[Data items]
____

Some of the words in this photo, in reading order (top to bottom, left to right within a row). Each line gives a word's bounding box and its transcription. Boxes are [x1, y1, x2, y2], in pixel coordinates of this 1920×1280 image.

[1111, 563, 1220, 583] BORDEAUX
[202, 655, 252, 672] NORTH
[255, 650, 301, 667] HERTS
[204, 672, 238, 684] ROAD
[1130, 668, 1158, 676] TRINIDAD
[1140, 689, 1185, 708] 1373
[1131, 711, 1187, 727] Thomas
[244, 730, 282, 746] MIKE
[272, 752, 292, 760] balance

____

Exercise objective:
Give every record again, exactly as it reads.

Solution to this problem:
Some of the words in this photo, in reading order (top to bottom, left to right within a row). Each line gives a word's bounding box and its transcription. Boxes are [x1, y1, x2, y2], in pixel coordinates of this 1920×1280 image.

[1111, 563, 1220, 583] BORDEAUX
[202, 655, 252, 672] NORTH
[255, 650, 301, 667] HERTS
[204, 672, 238, 684] ROAD
[1130, 668, 1158, 676] TRINIDAD
[1140, 689, 1185, 708] 1373
[1131, 711, 1187, 727] Thomas
[244, 730, 282, 746] MIKE
[272, 752, 292, 760] balance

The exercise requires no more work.